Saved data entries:
++++++++++
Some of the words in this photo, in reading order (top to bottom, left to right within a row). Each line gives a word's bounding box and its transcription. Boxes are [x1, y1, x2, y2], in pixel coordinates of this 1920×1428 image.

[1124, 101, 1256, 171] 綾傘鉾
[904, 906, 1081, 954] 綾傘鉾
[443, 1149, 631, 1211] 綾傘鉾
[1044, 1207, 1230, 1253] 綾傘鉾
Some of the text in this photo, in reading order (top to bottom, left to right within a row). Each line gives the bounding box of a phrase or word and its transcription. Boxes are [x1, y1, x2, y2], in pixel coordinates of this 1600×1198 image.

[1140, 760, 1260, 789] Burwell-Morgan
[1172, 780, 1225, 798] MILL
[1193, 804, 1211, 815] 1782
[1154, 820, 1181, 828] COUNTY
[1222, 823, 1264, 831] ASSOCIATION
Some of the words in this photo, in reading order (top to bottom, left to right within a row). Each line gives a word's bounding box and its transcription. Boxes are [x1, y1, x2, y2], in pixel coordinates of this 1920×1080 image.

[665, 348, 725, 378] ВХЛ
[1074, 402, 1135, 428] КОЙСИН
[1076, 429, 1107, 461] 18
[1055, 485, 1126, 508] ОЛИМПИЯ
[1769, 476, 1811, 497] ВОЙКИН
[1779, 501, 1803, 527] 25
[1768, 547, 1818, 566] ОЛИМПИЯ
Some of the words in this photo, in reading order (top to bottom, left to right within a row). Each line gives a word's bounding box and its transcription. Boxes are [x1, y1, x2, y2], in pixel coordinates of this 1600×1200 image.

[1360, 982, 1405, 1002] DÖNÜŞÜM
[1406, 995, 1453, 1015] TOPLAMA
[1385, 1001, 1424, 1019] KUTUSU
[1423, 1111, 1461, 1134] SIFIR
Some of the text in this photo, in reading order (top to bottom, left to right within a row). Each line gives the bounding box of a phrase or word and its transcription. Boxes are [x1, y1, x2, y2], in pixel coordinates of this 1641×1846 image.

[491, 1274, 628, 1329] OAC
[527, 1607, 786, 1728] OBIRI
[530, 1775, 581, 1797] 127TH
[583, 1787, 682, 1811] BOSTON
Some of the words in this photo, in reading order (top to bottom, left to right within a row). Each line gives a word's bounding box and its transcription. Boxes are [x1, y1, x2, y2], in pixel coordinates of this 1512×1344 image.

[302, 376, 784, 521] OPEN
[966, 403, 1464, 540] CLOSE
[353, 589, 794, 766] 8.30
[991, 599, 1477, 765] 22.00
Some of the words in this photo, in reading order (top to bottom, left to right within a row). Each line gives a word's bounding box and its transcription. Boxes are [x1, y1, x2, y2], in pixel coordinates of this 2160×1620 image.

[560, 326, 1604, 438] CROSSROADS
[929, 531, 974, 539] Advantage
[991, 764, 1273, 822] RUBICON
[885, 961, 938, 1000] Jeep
++++++++++
Give the data again, exactly as it appears above.

Task solution:
Some of the words in this photo, in reading order (top to bottom, left to right within a row). Each line gives a word's bounding box and its transcription. Boxes are [x1, y1, x2, y2], in pixel coordinates of this 1920×1428 image.

[1124, 101, 1256, 171] 綾傘鉾
[904, 906, 1081, 954] 綾傘鉾
[443, 1149, 631, 1211] 綾傘鉾
[1044, 1207, 1230, 1253] 綾傘鉾
Some of the text in this photo, in reading order (top to bottom, left to right within a row). Each line gives the bounding box of a phrase or word and its transcription. Boxes are [x1, y1, x2, y2], in pixel coordinates of this 1600×1198 image.

[1140, 760, 1260, 789] Burwell-Morgan
[1172, 780, 1225, 798] MILL
[1193, 804, 1211, 815] 1782
[1154, 820, 1181, 828] COUNTY
[1222, 823, 1264, 831] ASSOCIATION
Some of the words in this photo, in reading order (top to bottom, left to right within a row). Each line gives a word's bounding box and its transcription. Boxes are [x1, y1, x2, y2], in pixel coordinates of this 1920×1080 image.

[665, 348, 725, 378] ВХЛ
[1074, 402, 1135, 428] КОЙСИН
[1076, 429, 1107, 461] 18
[1055, 485, 1126, 508] ОЛИМПИЯ
[1769, 476, 1811, 497] ВОЙКИН
[1779, 501, 1803, 527] 25
[1768, 547, 1818, 566] ОЛИМПИЯ
Some of the words in this photo, in reading order (top to bottom, left to right within a row). Each line gives a word's bounding box and its transcription. Boxes are [x1, y1, x2, y2], in pixel coordinates of this 1600×1200 image.

[1360, 982, 1405, 1002] DÖNÜŞÜM
[1406, 995, 1453, 1015] TOPLAMA
[1385, 1001, 1424, 1019] KUTUSU
[1423, 1111, 1461, 1134] SIFIR
Some of the text in this photo, in reading order (top to bottom, left to right within a row). Each line gives the bounding box of a phrase or word and its transcription. Boxes are [x1, y1, x2, y2], in pixel coordinates of this 1641×1846 image.

[491, 1274, 628, 1329] OAC
[527, 1607, 786, 1728] OBIRI
[530, 1775, 581, 1797] 127TH
[583, 1787, 682, 1811] BOSTON
Some of the words in this photo, in reading order (top to bottom, left to right within a row). Each line gives a word's bounding box and its transcription. Boxes are [x1, y1, x2, y2], in pixel coordinates of this 1512×1344 image.

[302, 376, 784, 521] OPEN
[966, 403, 1464, 540] CLOSE
[353, 589, 794, 766] 8.30
[991, 599, 1477, 765] 22.00
Some of the words in this photo, in reading order (top to bottom, left to right within a row). Each line gives a word's bounding box and its transcription. Boxes are [x1, y1, x2, y2], in pixel coordinates of this 2160×1620 image.

[560, 326, 1604, 438] CROSSROADS
[929, 531, 974, 539] Advantage
[991, 764, 1273, 822] RUBICON
[885, 961, 938, 1000] Jeep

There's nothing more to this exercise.